The Prostate Cancer Foundation (PCF) has announced the winners of the Scholar-in-Training Awards — research grants to support young scientists who presented outstanding data in the field of prostate cancer.

Since 1986, more than 4,580 Scholar-in-Training Awards, encompassing 55 research foundations, corporations, and other organizations dedicated to cancer research, have been distributed.

This year the awards, sponsored by the PCF and 17 other organizations, went to three researchers who presented their projects at the 2019 American Association for Cancer Research (AACR) Annual Meeting, March 29-April 3 in Atlanta, Georgia.

Andi K. Cani, MS, from the University of Michigan, Ann Arbor, presented a mini-symposium titled “Development of a whole-urine, next-generation sequencing-based assay for early detection of aggressive prostate cancer.”

The project is focused on the creation of a diagnostic test based on the use of next-generation sequencing (NGS) in urine samples.
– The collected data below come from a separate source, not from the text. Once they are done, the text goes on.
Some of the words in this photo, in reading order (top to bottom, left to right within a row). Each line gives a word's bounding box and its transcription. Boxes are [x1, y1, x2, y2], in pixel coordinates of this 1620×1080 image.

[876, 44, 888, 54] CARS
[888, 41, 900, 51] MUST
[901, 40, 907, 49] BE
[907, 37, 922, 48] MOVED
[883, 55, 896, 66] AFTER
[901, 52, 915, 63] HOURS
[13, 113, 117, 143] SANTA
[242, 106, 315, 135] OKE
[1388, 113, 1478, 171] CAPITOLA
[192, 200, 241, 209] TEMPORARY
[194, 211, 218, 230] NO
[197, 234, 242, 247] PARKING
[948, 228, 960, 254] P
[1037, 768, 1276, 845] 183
So far, the urine-based NGS test has shown promising results in pre-clinical models and in a subgroup of patients at different stages of the disease.
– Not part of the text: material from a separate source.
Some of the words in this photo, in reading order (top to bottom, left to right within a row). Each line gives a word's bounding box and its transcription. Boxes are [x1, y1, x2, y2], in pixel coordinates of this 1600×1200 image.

The team hopes this new test can complement the classic prostate-specific antigen (PSA) blood test to facilitate the early diagnosis of aggressive forms of prostate cancer.

Zoila Areli Lopez Bujanda, MSc, of Johns Hopkins University, Baltimore, presented a poster titled “Androgen regulated IL-8 expression in prostate cancer: Insights into tumor cell mediated immunosuppression.”
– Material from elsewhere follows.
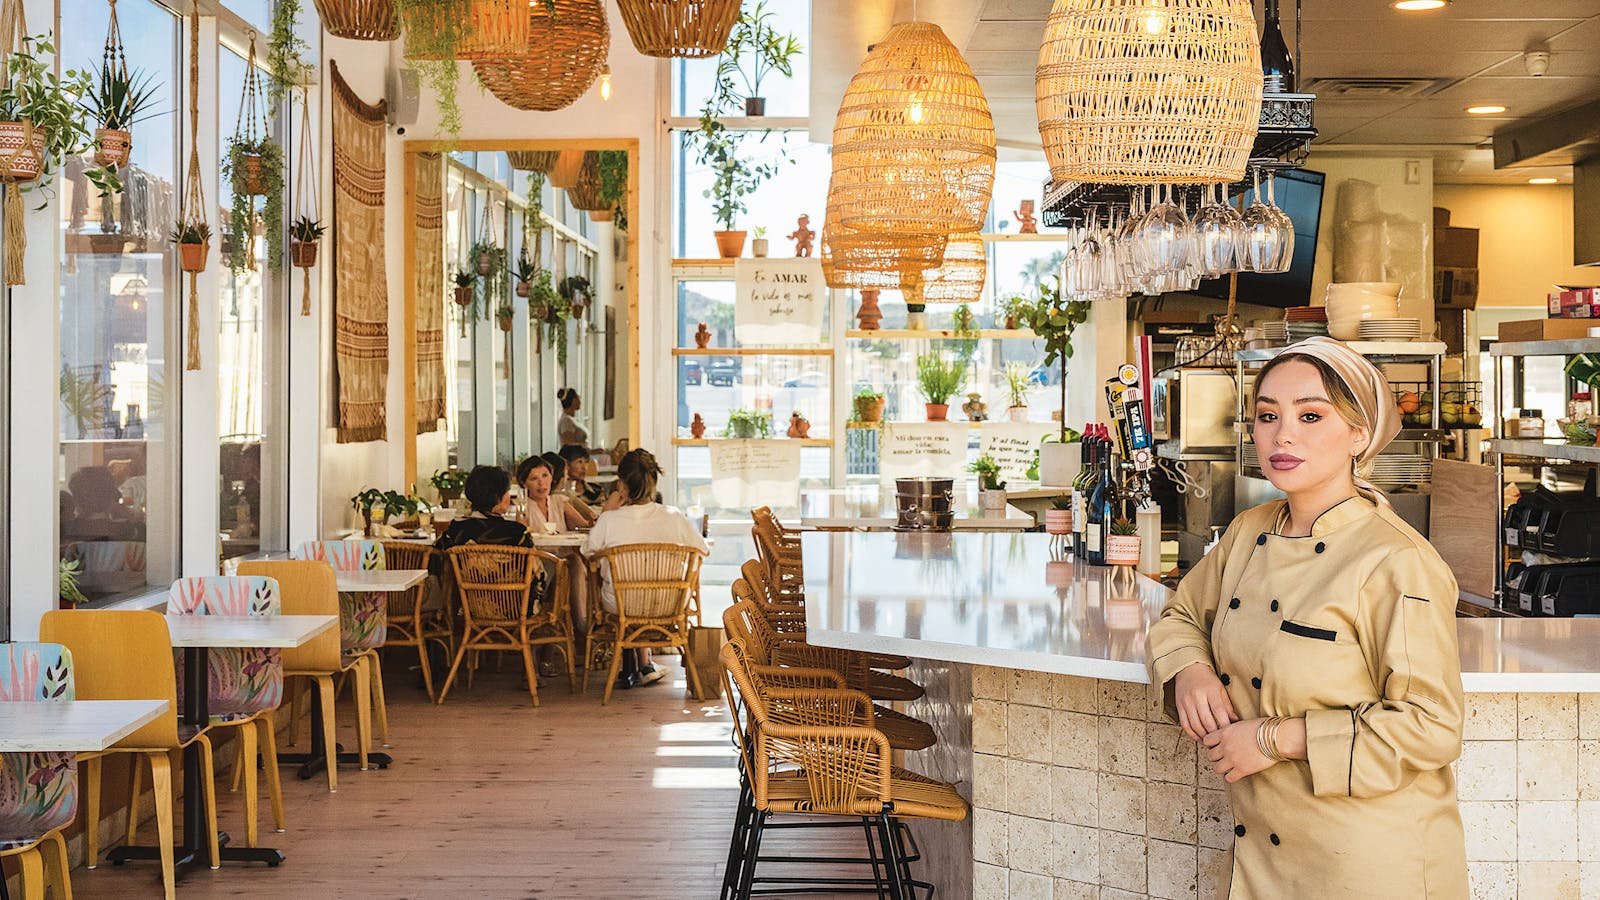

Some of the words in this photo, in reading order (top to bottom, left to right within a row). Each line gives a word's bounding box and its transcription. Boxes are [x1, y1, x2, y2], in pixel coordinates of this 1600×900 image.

[772, 274, 807, 283] AMAR
[762, 288, 779, 300] vida
[1130, 406, 1140, 426] IPA
The project is focused on evaluating the impact of androgen deprivation therapy (ADT) — a hormone therapy that aims to slow disease progression by reducing levels of male hormones — on patients’ immune response.

Results in animal models have shown the cytokine (a molecule that mediates and regulates immune and inflammatory response) interleukin-8 (IL-8) is produced excessively after ADT, triggering the recruitment of immune cells to the tumor site that may be involved in the development of castration-resistant prostate cancer (CRPC), a type of prostate cancer that keeps growing in the absence of male hormones.

The group hopes these findings can open the door to the development of new approaches that improve responses to checkpoint blockade immunotherapies in prostate cancer.

Naveen Ramesh, MS, from the University of Texas MD Anderson Cancer Center, Houston, presented a poster titled “Plasma genome sequencing identifies prostate cancer patients that are sensitive to platinum-based therapy.”

The project is focused on the development of a genome sequencing method called PEGASUS to distinguish CRPC patients with aggressive variant prostate cancer (AVPC), an aggressive form of CRPC.

Using PEGASUS, the team isolated and processed genome data from 57% of the CRPC patients participating in a clinical trial, demonstrating the feasibility of the method. In addition, genome sequencing identified genetic alterations that were correlated with patients’ overall survival and progression-free survival (the time patients lived without their disease worsening).

The group thinks these findings could set the foundation for the discovery of new disease biomarkers for prostate cancer.